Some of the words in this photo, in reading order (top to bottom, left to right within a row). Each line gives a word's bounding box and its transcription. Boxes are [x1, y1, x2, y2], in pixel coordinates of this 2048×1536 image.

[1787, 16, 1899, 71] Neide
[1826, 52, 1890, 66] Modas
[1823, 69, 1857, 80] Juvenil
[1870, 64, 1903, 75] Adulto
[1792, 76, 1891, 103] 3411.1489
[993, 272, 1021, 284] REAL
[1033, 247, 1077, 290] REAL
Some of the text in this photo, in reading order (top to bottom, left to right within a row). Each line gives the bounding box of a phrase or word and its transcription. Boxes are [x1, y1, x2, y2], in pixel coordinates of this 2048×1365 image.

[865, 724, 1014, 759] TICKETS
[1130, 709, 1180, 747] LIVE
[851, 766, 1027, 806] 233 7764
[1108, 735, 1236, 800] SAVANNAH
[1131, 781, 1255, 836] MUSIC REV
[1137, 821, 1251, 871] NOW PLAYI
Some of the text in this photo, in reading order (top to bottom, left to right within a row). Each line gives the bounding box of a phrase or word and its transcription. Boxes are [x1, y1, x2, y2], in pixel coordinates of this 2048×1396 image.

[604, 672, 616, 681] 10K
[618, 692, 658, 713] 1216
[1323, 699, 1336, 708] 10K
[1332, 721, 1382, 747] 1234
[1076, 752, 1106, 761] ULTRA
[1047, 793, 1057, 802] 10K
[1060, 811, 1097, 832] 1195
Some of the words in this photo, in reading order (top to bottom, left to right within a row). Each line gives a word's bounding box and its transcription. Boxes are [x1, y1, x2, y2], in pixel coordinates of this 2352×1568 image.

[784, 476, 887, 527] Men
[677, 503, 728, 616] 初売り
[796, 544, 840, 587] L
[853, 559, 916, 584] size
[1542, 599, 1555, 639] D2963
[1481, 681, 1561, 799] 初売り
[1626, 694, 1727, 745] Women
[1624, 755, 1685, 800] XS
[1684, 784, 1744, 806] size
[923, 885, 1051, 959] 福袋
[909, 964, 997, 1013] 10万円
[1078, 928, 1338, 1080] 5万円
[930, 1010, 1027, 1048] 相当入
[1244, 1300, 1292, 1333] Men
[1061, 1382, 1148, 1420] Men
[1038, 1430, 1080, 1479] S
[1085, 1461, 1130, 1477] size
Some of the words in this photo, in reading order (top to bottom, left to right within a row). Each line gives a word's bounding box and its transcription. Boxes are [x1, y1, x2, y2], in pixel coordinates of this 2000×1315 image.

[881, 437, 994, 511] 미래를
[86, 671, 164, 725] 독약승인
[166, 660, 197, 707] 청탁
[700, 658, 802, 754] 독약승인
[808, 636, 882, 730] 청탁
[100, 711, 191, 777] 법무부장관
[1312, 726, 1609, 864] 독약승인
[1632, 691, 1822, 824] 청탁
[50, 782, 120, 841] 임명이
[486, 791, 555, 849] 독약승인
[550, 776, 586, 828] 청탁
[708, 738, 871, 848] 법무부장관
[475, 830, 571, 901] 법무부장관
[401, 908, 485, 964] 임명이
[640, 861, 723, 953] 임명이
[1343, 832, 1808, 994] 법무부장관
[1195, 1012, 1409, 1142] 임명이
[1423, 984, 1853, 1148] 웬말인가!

• **TASK OBJECTIVE**: Write every record out again, unaltered.

• **EXERCISE RESPONSE**:
Some of the words in this photo, in reading order (top to bottom, left to right within a row). Each line gives a word's bounding box and its transcription. Boxes are [x1, y1, x2, y2], in pixel coordinates of this 2048×1536 image.

[1787, 16, 1899, 71] Neide
[1826, 52, 1890, 66] Modas
[1823, 69, 1857, 80] Juvenil
[1870, 64, 1903, 75] Adulto
[1792, 76, 1891, 103] 3411.1489
[993, 272, 1021, 284] REAL
[1033, 247, 1077, 290] REAL
Some of the text in this photo, in reading order (top to bottom, left to right within a row). Each line gives the bounding box of a phrase or word and its transcription. Boxes are [x1, y1, x2, y2], in pixel coordinates of this 2048×1365 image.

[865, 724, 1014, 759] TICKETS
[1130, 709, 1180, 747] LIVE
[851, 766, 1027, 806] 233 7764
[1108, 735, 1236, 800] SAVANNAH
[1131, 781, 1255, 836] MUSIC REV
[1137, 821, 1251, 871] NOW PLAYI
Some of the text in this photo, in reading order (top to bottom, left to right within a row). Each line gives the bounding box of a phrase or word and its transcription. Boxes are [x1, y1, x2, y2], in pixel coordinates of this 2048×1396 image.

[604, 672, 616, 681] 10K
[618, 692, 658, 713] 1216
[1323, 699, 1336, 708] 10K
[1332, 721, 1382, 747] 1234
[1076, 752, 1106, 761] ULTRA
[1047, 793, 1057, 802] 10K
[1060, 811, 1097, 832] 1195
Some of the words in this photo, in reading order (top to bottom, left to right within a row). Each line gives a word's bounding box and its transcription. Boxes are [x1, y1, x2, y2], in pixel coordinates of this 2352×1568 image.

[784, 476, 887, 527] Men
[677, 503, 728, 616] 初売り
[796, 544, 840, 587] L
[853, 559, 916, 584] size
[1542, 599, 1555, 639] D2963
[1481, 681, 1561, 799] 初売り
[1626, 694, 1727, 745] Women
[1624, 755, 1685, 800] XS
[1684, 784, 1744, 806] size
[923, 885, 1051, 959] 福袋
[909, 964, 997, 1013] 10万円
[1078, 928, 1338, 1080] 5万円
[930, 1010, 1027, 1048] 相当入
[1244, 1300, 1292, 1333] Men
[1061, 1382, 1148, 1420] Men
[1038, 1430, 1080, 1479] S
[1085, 1461, 1130, 1477] size
Some of the words in this photo, in reading order (top to bottom, left to right within a row). Each line gives a word's bounding box and its transcription. Boxes are [x1, y1, x2, y2], in pixel coordinates of this 2000×1315 image.

[881, 437, 994, 511] 미래를
[86, 671, 164, 725] 독약승인
[166, 660, 197, 707] 청탁
[700, 658, 802, 754] 독약승인
[808, 636, 882, 730] 청탁
[100, 711, 191, 777] 법무부장관
[1312, 726, 1609, 864] 독약승인
[1632, 691, 1822, 824] 청탁
[50, 782, 120, 841] 임명이
[486, 791, 555, 849] 독약승인
[550, 776, 586, 828] 청탁
[708, 738, 871, 848] 법무부장관
[475, 830, 571, 901] 법무부장관
[401, 908, 485, 964] 임명이
[640, 861, 723, 953] 임명이
[1343, 832, 1808, 994] 법무부장관
[1195, 1012, 1409, 1142] 임명이
[1423, 984, 1853, 1148] 웬말인가!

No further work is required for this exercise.